Village in Conwy County Borough, Wales

Gwytherin is a village in Conwy County Borough, Wales. It lies in a small valley through which the River Cledwen flows and has been winner of 'Best Kept Village' on four occasions. Its church is dedicated to Saint Winefrid (Welsh: Gwenfrewy gwenfrewi; Medieval Latin: Winefrida).

In the centre of the village opposite the Lion Inn is the Church of St Winifred, which was built and dedicated in 1869. The church is believed to have originated in the mid-600s AD up by Prince Eleri who then went on to set up a double monastery in the village. He was the Abbot to the monks, and his cousin's daughter, St. Gwenffrewi, was the Abbess to the nuns.

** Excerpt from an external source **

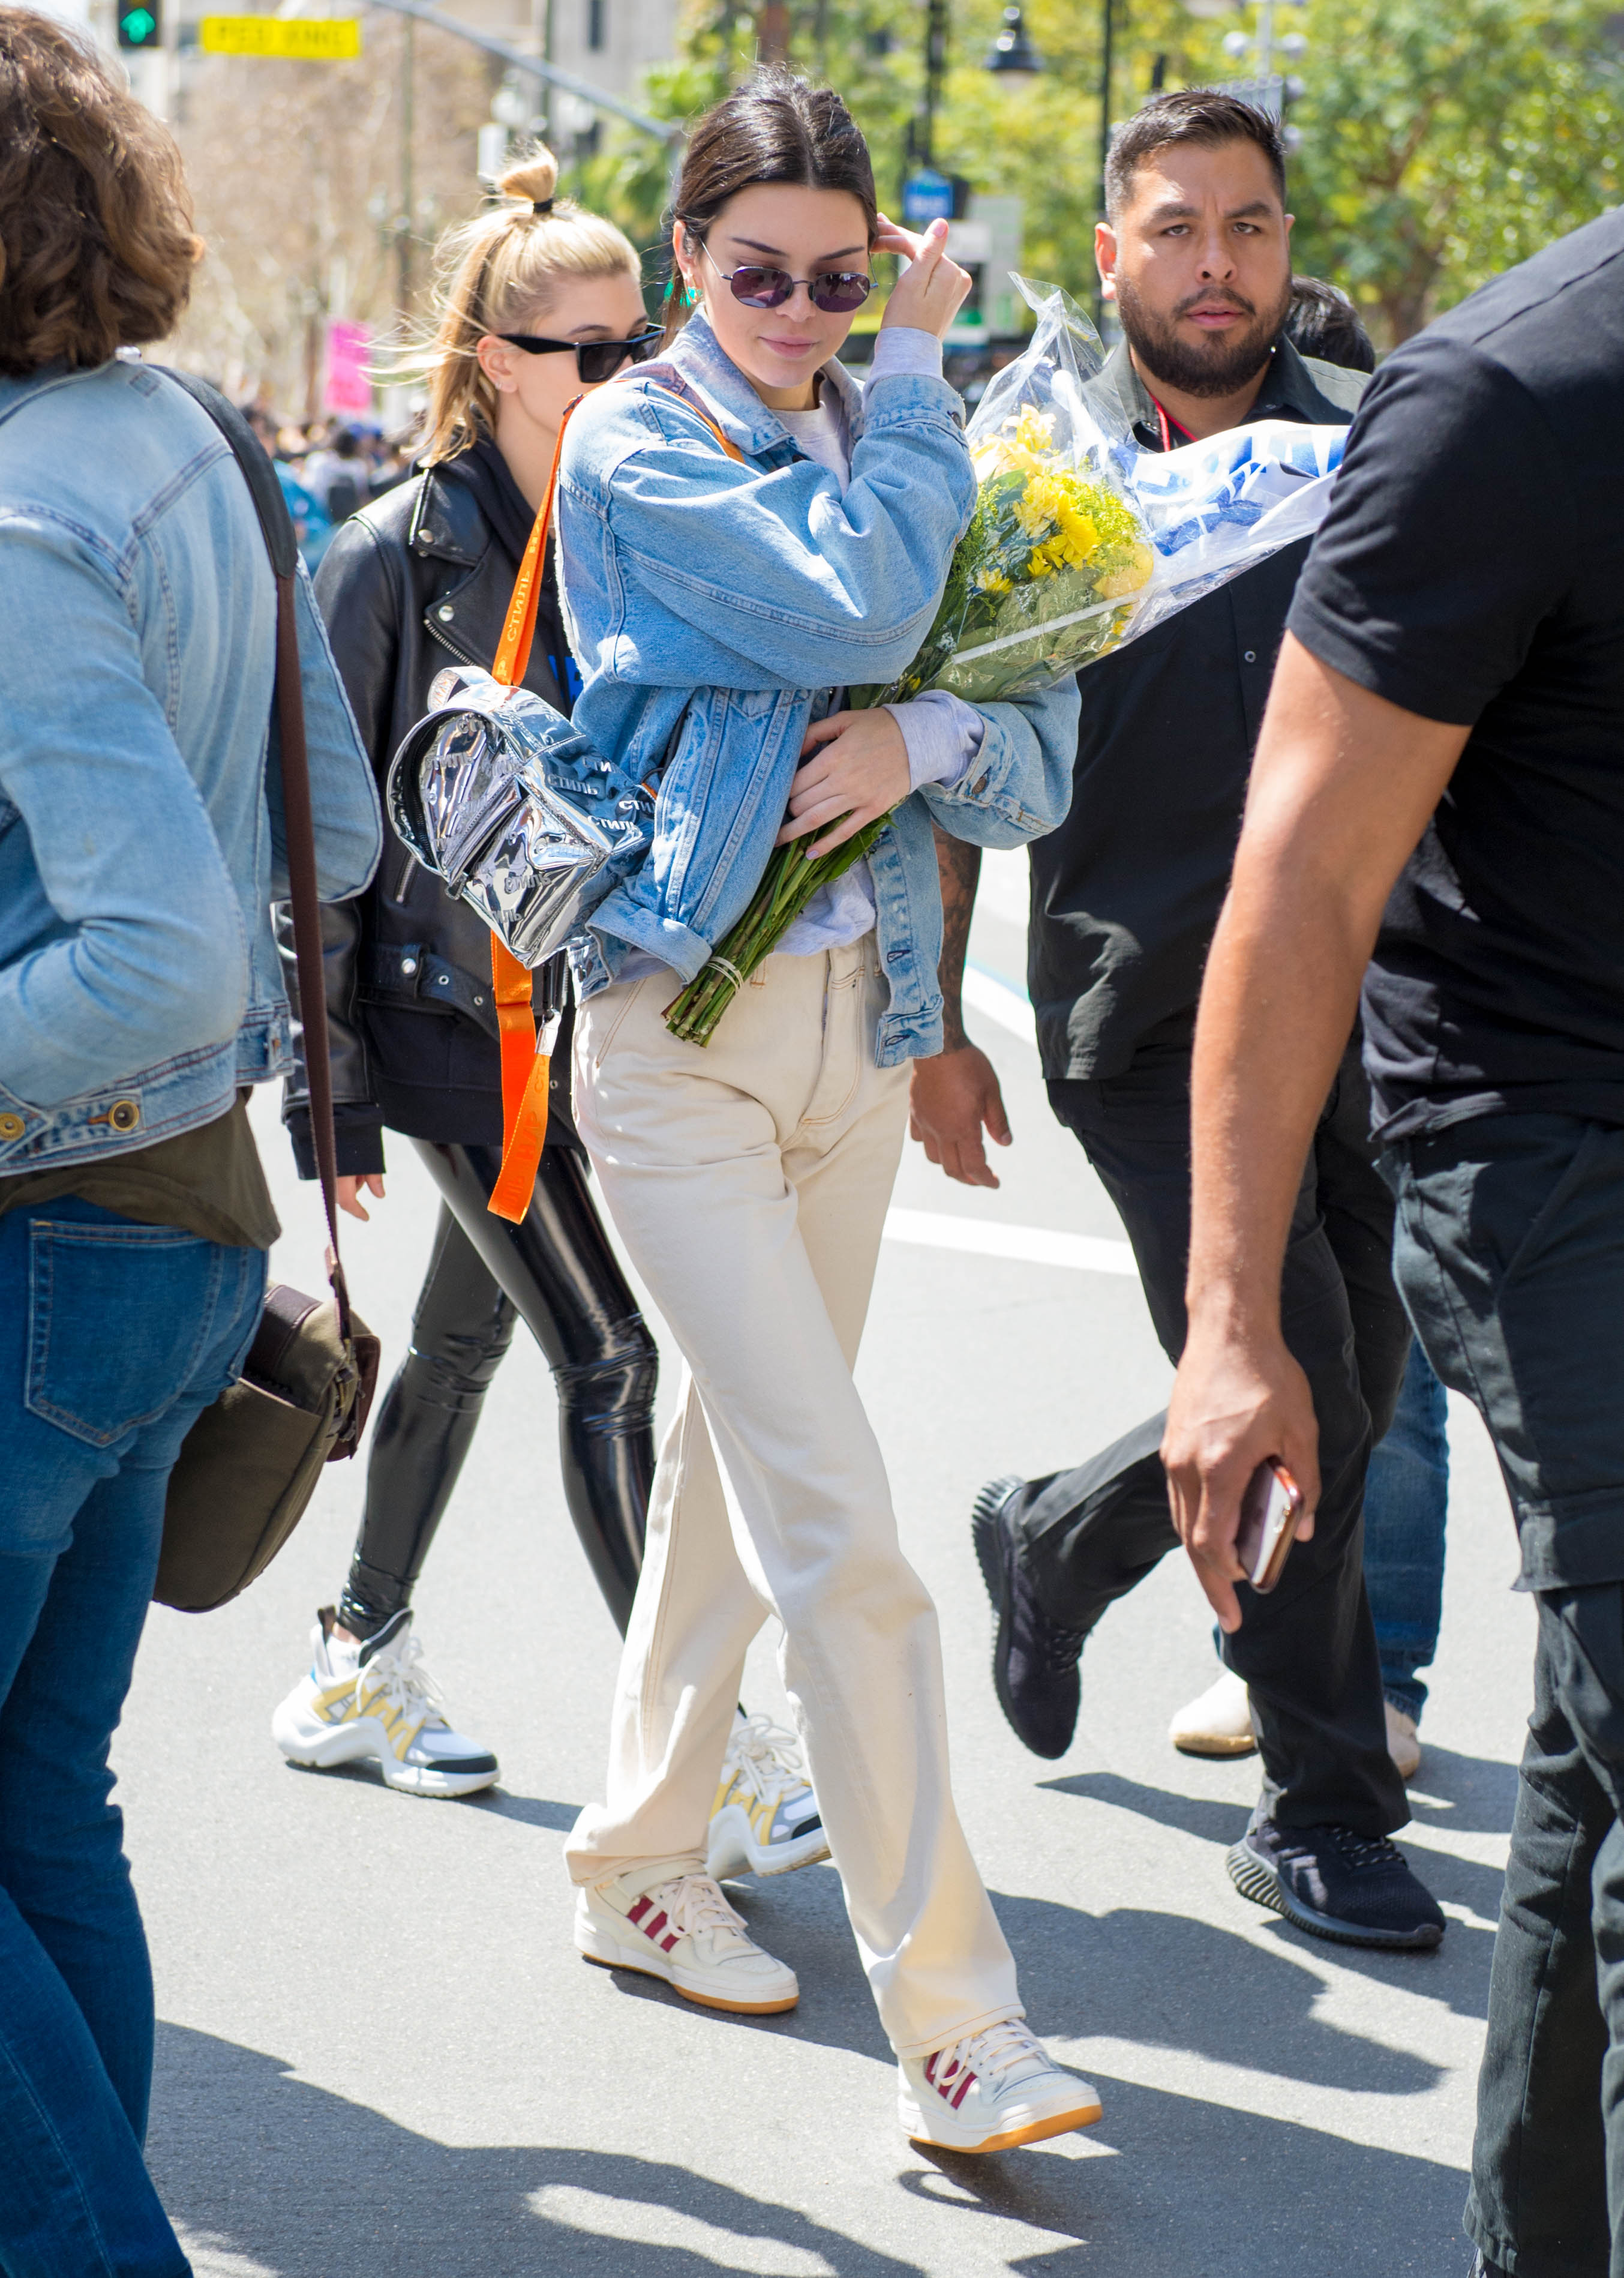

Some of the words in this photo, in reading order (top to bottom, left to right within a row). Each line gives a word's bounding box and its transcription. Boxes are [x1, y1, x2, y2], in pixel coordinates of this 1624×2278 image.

In the churchyard are three ancient yew trees and a row of four ancient standing stones approximately one metre high and aligned roughly east to west. The first stone carries a carving and what appears to be a 'W'. Following the death of St. Winifred, her body was buried in said churchyard. The exact meaning of the village's name is not well understood. However, modern scholars and historians attribute the name to the 6th-century Celtic saint, St. Gwytherin. The village existed as a clas long before it was first written down as Guythrein in 1254. The underlying personal name, Gwythyr, is the Welsh variant of the Latin name, Victor (meaning "victorious").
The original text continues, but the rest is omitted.